Identify Repeating Operations
Identify the loops, recursion, array traversals that repeat.
- Primary operation: The for-loop that runs from 3 up to n.
- How many times: It runs (n - 2) times, once for each stair from 3 to n.
How Execution Grows With Input
Each new stair requires one addition and two variable updates inside the loop.
| Input Size (n) | Approx. Operations |
|---|---|
| 10 | 8 additions and updates |
| 100 | 98 additions and updates |
| 1000 | 998 additions and updates |
Pattern observation: The number of operations grows roughly in a straight line as n increases.
Final Time Complexity
Time Complexity: O(n)
This means the time to find the number of ways grows directly in proportion to the number of stairs.
Common Mistake
[X] Wrong: "Because the problem involves Fibonacci numbers, it must take exponential time."

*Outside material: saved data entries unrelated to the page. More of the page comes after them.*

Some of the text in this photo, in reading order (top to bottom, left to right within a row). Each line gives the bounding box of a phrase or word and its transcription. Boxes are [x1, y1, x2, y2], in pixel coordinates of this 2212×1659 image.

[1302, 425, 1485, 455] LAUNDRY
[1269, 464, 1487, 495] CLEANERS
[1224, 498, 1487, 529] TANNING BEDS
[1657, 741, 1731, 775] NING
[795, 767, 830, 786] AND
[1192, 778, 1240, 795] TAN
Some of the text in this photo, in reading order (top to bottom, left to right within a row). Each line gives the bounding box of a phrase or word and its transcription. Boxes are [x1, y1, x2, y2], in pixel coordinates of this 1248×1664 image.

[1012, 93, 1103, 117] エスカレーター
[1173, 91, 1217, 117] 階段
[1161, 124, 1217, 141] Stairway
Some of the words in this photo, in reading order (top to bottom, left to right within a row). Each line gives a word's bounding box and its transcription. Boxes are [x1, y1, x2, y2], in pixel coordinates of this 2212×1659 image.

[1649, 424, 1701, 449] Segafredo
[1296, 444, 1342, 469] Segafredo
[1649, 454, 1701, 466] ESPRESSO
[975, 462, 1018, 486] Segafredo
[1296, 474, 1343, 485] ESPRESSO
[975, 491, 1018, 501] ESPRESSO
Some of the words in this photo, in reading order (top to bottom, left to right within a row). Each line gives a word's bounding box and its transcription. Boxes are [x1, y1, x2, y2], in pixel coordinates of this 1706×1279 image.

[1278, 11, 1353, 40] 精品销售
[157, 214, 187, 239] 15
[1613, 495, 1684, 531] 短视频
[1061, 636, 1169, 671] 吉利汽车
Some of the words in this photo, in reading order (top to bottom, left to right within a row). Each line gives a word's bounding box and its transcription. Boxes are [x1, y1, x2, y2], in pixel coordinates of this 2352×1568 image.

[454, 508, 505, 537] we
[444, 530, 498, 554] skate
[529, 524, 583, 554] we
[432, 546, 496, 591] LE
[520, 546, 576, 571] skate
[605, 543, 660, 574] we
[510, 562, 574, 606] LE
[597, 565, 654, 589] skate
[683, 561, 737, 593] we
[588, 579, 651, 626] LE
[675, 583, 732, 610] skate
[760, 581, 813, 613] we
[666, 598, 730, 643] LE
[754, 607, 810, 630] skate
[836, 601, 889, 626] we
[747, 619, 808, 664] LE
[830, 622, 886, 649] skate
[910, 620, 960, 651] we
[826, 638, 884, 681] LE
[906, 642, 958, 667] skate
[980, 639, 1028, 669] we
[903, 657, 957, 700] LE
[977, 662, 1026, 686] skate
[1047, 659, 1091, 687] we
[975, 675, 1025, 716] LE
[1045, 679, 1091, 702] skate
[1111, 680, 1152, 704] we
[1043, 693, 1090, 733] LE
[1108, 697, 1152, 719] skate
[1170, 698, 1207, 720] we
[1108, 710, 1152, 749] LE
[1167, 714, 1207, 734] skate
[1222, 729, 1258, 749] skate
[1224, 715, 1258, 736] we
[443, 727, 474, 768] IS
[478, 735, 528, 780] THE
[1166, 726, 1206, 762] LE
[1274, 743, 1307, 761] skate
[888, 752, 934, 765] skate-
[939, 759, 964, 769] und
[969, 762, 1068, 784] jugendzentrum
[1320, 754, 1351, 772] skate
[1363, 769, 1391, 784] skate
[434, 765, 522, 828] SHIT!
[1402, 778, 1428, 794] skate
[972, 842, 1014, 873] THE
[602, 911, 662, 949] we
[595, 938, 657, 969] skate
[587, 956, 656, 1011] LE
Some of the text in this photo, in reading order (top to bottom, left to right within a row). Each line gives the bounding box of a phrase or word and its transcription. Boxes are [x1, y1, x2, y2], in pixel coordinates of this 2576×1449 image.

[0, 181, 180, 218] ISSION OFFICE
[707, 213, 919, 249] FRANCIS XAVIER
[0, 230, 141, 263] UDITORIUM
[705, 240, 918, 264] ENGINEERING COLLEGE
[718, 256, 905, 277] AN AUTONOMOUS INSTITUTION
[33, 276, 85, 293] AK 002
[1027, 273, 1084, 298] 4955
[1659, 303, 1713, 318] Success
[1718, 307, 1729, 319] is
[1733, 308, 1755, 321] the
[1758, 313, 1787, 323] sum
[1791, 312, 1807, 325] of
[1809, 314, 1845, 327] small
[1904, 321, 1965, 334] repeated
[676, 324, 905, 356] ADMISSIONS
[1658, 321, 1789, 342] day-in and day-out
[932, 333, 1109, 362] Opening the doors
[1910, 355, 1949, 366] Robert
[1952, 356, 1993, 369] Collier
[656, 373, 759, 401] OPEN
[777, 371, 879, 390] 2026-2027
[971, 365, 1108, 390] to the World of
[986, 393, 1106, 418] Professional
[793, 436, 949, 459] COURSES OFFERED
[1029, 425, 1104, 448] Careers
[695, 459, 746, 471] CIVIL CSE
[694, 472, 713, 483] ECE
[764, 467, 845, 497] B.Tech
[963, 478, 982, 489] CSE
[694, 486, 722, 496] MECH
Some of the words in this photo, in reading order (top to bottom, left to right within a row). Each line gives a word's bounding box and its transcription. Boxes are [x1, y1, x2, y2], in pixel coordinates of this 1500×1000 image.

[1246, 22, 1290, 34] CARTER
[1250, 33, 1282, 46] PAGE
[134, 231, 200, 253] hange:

[OK] Correct: This code uses a simple loop and stores only two previous results, so it runs in linear time, not exponential.
Interview Connect
Understanding this problem helps you practice turning recursive ideas into efficient loops, a skill often needed in interviews.
Self-Check
"What if we changed the problem to allow steps of 1, 2, or 3 at a time? How would the time complexity change?"